Further, in the golf ball of the present invention, the core surface hardness (H _S ), the intermediate layer hardness (H _M ) and the cover hardness (H _L )
Satisfies the following relationship: H _S <H _M <H _L. If H _S <H _M <H _L is not satisfied, the feel at the time of impact becomes heavy or hard, resulting in a bad feeling.

In the golf ball of the present invention, the hardness difference (H _L −
H _M ) is required to be 5 to 15, preferably 6 to 14, and more preferably 6 to 13. If the hardness difference is less than 5, the launch angle becomes small, the flight performance is reduced, and the feel at the time of impact is also poor. If the hardness difference is larger than 15, the resilience is reduced and the flight performance is reduced.

In the golf ball of the present invention, the hardness difference (H _M −
Although H _S) is a requirement to be a 10 to 20, preferably 11 to 19, more preferably 11 to 18. If the hardness difference is less than 10, the launch angle becomes small, the flight performance is reduced, and the feel at the time of impact is also poor. When the hardness difference is larger than 20, the resilience is reduced and the flight performance is reduced.
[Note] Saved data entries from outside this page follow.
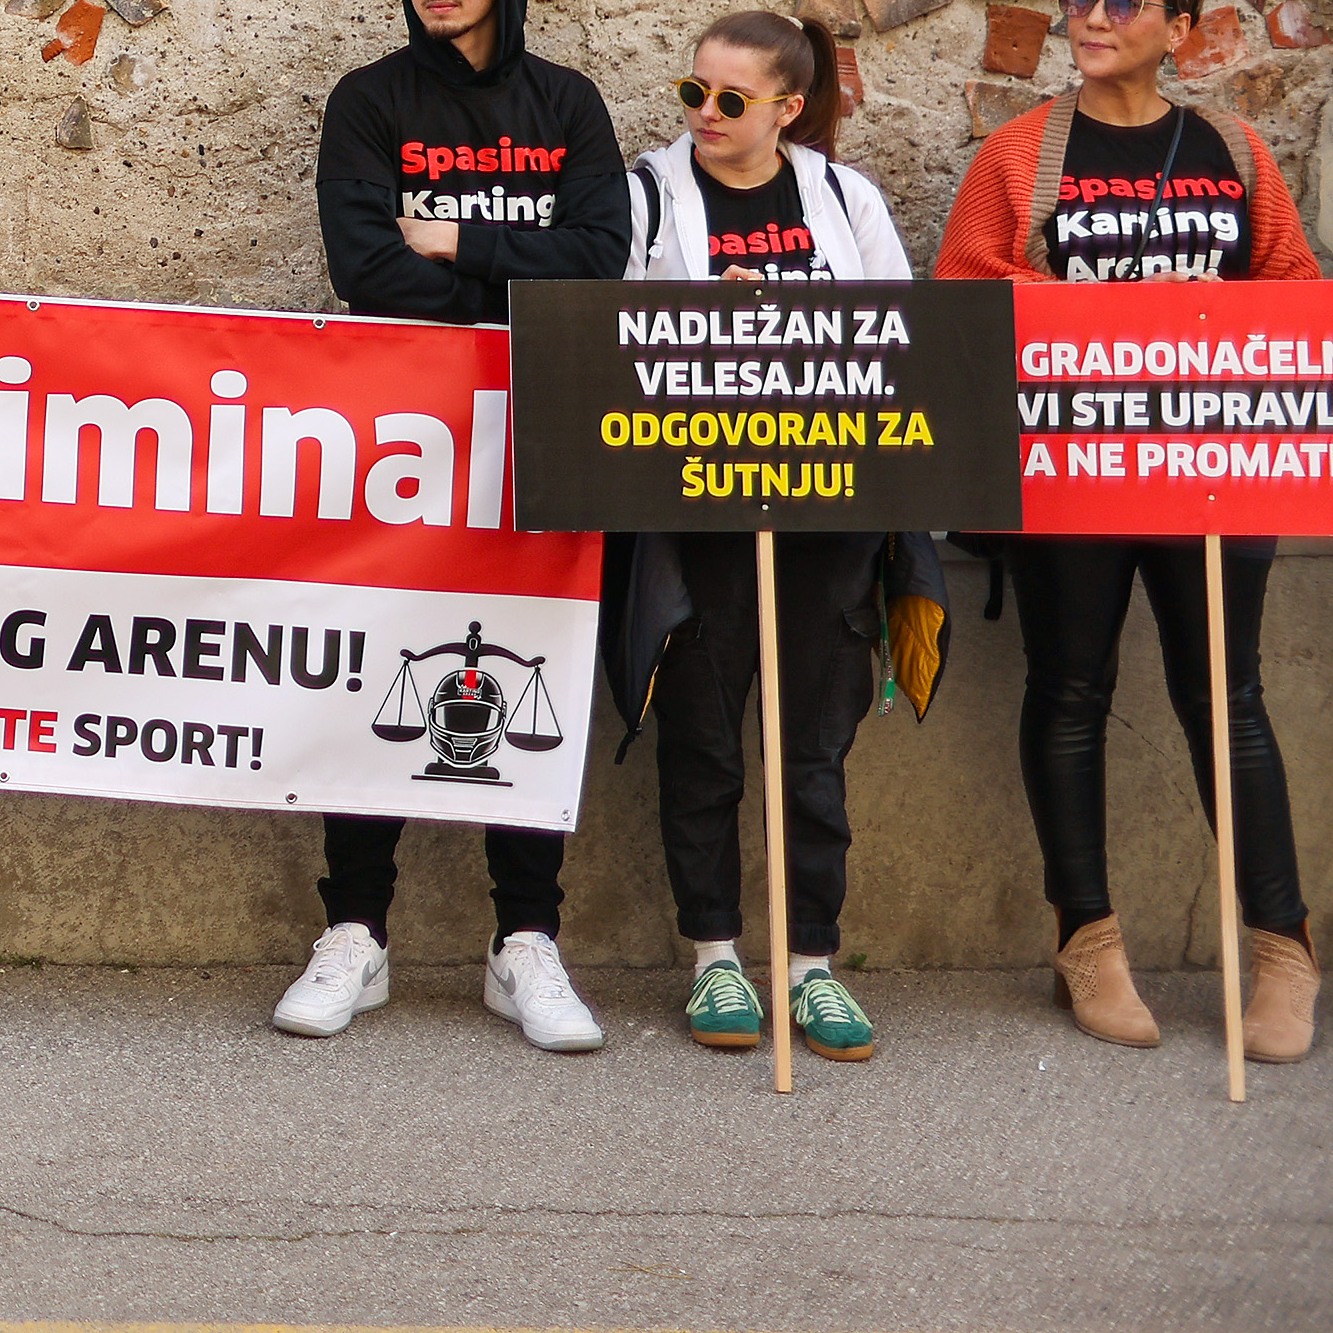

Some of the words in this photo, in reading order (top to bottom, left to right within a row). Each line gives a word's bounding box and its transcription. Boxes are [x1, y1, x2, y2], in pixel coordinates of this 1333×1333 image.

[1058, 172, 1244, 203] Spasimo
[401, 185, 556, 228] Karting
[1056, 207, 1239, 242] Karting
[618, 304, 842, 346] NADLEŽAN
[852, 310, 910, 346] ZA
[633, 360, 895, 397] VELESAJAM.
[1017, 392, 1060, 427] VI
[1071, 392, 1150, 427] STE
[600, 411, 866, 447] ODGOVORAN
[877, 411, 934, 446] ZA
[680, 456, 855, 498] ŠUTNJU!
[1024, 443, 1056, 477] A
[1069, 443, 1126, 477] NE
[1138, 442, 1333, 478] PROMAT
[67, 615, 366, 693] ARENU!
[72, 714, 263, 772] SPORT!
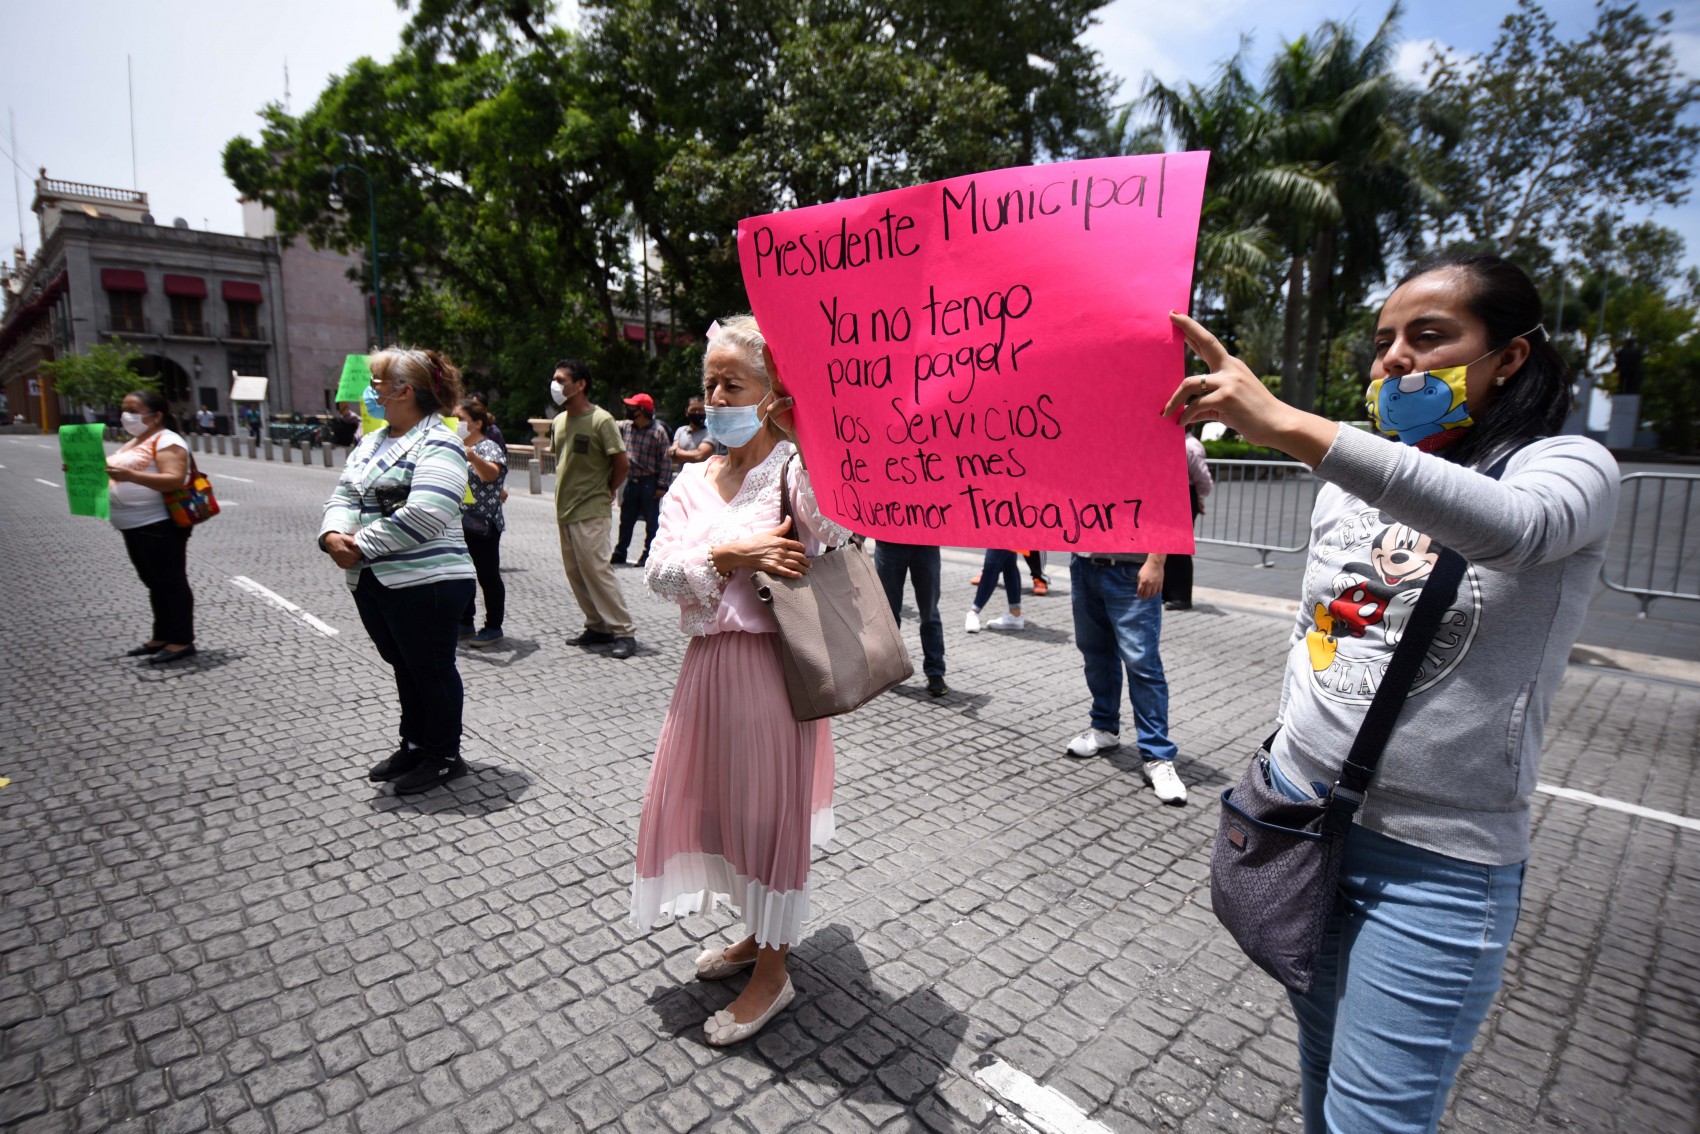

The method for coating the cover (3) is the same as the method for coating the intermediate layer. During cover molding, a large number of depressions called dimples are formed on the surface. The golf ball of the present invention is usually put on the market after being subjected to a paint finish, a marking stamp, or the like, in order to enhance aesthetic appearance and commercial value.

In the golf ball of the present invention, the dimple having an angle of 8 to 25 ° between the circumferential tangent (A) of the dimple edge and the tangent (B) at the dimple edge of the circle passing through the dimple edge and the deepest part of the dimple. Is 50% or more of the total number of dimples. The above contents will be described in detail with reference to FIG. FIG. 2 is a schematic sectional view of the dimple of the golf ball of the present invention. In FIG.
The angle between the circumferential tangent (A) at the dimple edge (4) and the tangent (B) at the dimple edge (4) of the circle passing through the deepest part (5) and the dimple edge (4) is an angle (C).
It is. In the golf ball of the present invention, the angle (C) is 8
To 25 °, preferably 9 to 2 °.
The angle is 3 °, more preferably 10 to 20 °, and it is required that the dimple having the above angle is 50% or more of the total number of dimples, but it is preferably 55% or more, more preferably 60 to 100%. If the angle (C) is less than 8 °, the trajectory will be blown up and the flight distance will be reduced.
If it is larger than °, the launch angle becomes smaller and the flight distance decreases. If the angle (C) is larger than 25 °, the paint film thickness becomes thinner at the dimple edge when paint finishing or marking stamping is performed, and the durability of the paint or marking decreases. If the dimple having the above angle is less than 50% of the total number of dimples, the effect becomes insufficient and the flight distance is reduced.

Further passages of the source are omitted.